▶ _DIRECTIONS_: Could you give the entries back exactly as they stand, minus any pictures?

▶ _INPUT DATA_:

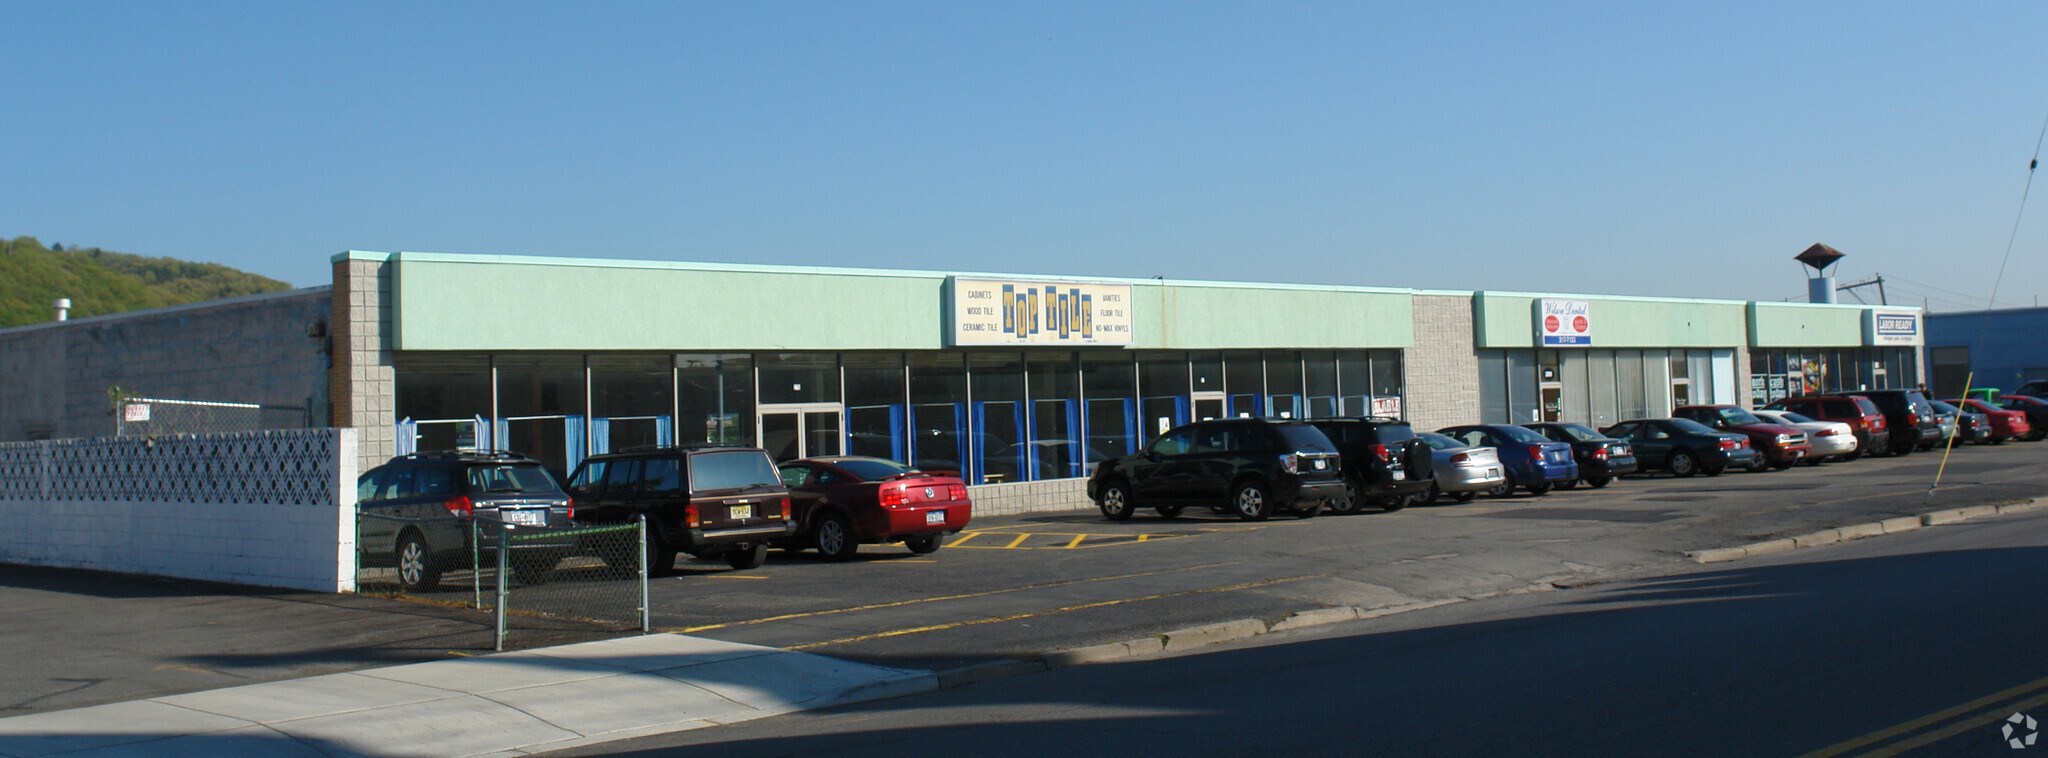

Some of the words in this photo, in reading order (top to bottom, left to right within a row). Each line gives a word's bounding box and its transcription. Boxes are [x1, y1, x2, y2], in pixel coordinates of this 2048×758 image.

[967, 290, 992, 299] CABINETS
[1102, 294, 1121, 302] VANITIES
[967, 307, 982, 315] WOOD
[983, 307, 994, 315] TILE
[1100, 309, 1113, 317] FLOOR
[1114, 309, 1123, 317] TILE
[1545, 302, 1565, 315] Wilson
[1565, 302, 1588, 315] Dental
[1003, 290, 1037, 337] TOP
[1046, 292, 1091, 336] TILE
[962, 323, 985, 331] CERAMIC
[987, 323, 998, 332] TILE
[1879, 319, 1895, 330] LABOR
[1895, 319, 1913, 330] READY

▶ _ANSWER TO THE EXERCISE_:
Some of the words in this photo, in reading order (top to bottom, left to right within a row). Each line gives a word's bounding box and its transcription. Boxes are [x1, y1, x2, y2], in pixel coordinates of this 2048×758 image.

[967, 290, 992, 299] CABINETS
[1102, 294, 1121, 302] VANITIES
[967, 307, 982, 315] WOOD
[983, 307, 994, 315] TILE
[1100, 309, 1113, 317] FLOOR
[1114, 309, 1123, 317] TILE
[1545, 302, 1565, 315] Wilson
[1565, 302, 1588, 315] Dental
[1003, 290, 1037, 337] TOP
[1046, 292, 1091, 336] TILE
[962, 323, 985, 331] CERAMIC
[987, 323, 998, 332] TILE
[1879, 319, 1895, 330] LABOR
[1895, 319, 1913, 330] READY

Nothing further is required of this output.